WHAT TO PRODUCE :: Please print the whole listing below exactly as it stands.

-- TASK DATA follows --

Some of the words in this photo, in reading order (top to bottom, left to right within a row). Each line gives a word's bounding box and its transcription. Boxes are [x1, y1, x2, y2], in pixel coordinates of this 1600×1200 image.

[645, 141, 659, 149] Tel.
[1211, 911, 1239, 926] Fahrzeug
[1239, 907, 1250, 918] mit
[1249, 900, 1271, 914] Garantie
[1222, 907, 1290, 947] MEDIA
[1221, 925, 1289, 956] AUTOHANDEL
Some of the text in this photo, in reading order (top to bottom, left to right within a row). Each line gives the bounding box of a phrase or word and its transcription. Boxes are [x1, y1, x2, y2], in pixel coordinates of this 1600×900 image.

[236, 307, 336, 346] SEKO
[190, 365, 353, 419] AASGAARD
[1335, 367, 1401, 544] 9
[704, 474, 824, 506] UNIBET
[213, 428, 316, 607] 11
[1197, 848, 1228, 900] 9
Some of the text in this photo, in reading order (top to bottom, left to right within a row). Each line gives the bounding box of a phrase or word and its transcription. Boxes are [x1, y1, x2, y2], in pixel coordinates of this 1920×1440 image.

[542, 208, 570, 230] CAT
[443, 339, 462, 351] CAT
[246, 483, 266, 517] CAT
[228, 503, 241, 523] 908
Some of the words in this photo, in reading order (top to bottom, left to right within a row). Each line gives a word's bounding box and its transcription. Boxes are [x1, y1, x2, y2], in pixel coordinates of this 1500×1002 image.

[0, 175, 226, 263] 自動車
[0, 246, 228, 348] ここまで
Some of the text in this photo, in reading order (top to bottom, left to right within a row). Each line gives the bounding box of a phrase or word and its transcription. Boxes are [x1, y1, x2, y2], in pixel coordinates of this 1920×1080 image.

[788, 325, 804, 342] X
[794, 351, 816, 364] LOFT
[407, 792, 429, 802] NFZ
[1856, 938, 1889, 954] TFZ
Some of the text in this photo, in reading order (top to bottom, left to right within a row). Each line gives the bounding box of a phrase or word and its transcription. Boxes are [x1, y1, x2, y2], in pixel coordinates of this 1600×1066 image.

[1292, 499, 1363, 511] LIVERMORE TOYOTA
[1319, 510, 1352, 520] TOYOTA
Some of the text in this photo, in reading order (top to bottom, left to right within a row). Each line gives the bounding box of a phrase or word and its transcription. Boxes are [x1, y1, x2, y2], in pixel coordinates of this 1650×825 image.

-- TASK DATA concluded --

WRITTEN ANSWER ::
Some of the words in this photo, in reading order (top to bottom, left to right within a row). Each line gives a word's bounding box and its transcription. Boxes are [x1, y1, x2, y2], in pixel coordinates of this 1600×1200 image.

[645, 141, 659, 149] Tel.
[1211, 911, 1239, 926] Fahrzeug
[1239, 907, 1250, 918] mit
[1249, 900, 1271, 914] Garantie
[1222, 907, 1290, 947] MEDIA
[1221, 925, 1289, 956] AUTOHANDEL
Some of the text in this photo, in reading order (top to bottom, left to right within a row). Each line gives the bounding box of a phrase or word and its transcription. Boxes are [x1, y1, x2, y2], in pixel coordinates of this 1600×900 image.

[236, 307, 336, 346] SEKO
[190, 365, 353, 419] AASGAARD
[1335, 367, 1401, 544] 9
[704, 474, 824, 506] UNIBET
[213, 428, 316, 607] 11
[1197, 848, 1228, 900] 9
Some of the text in this photo, in reading order (top to bottom, left to right within a row). Each line gives the bounding box of a phrase or word and its transcription. Boxes are [x1, y1, x2, y2], in pixel coordinates of this 1920×1440 image.

[542, 208, 570, 230] CAT
[443, 339, 462, 351] CAT
[246, 483, 266, 517] CAT
[228, 503, 241, 523] 908
Some of the words in this photo, in reading order (top to bottom, left to right within a row). Each line gives a word's bounding box and its transcription. Boxes are [x1, y1, x2, y2], in pixel coordinates of this 1500×1002 image.

[0, 175, 226, 263] 自動車
[0, 246, 228, 348] ここまで
Some of the text in this photo, in reading order (top to bottom, left to right within a row). Each line gives the bounding box of a phrase or word and its transcription. Boxes are [x1, y1, x2, y2], in pixel coordinates of this 1920×1080 image.

[788, 325, 804, 342] X
[794, 351, 816, 364] LOFT
[407, 792, 429, 802] NFZ
[1856, 938, 1889, 954] TFZ
Some of the text in this photo, in reading order (top to bottom, left to right within a row). Each line gives the bounding box of a phrase or word and its transcription. Boxes are [x1, y1, x2, y2], in pixel coordinates of this 1600×1066 image.

[1292, 499, 1363, 511] LIVERMORE TOYOTA
[1319, 510, 1352, 520] TOYOTA
Some of the text in this photo, in reading order (top to bottom, left to right within a row). Each line gives the bounding box of a phrase or word and its transcription. Boxes are [x1, y1, x2, y2], in pixel coordinates of this 1650×825 image.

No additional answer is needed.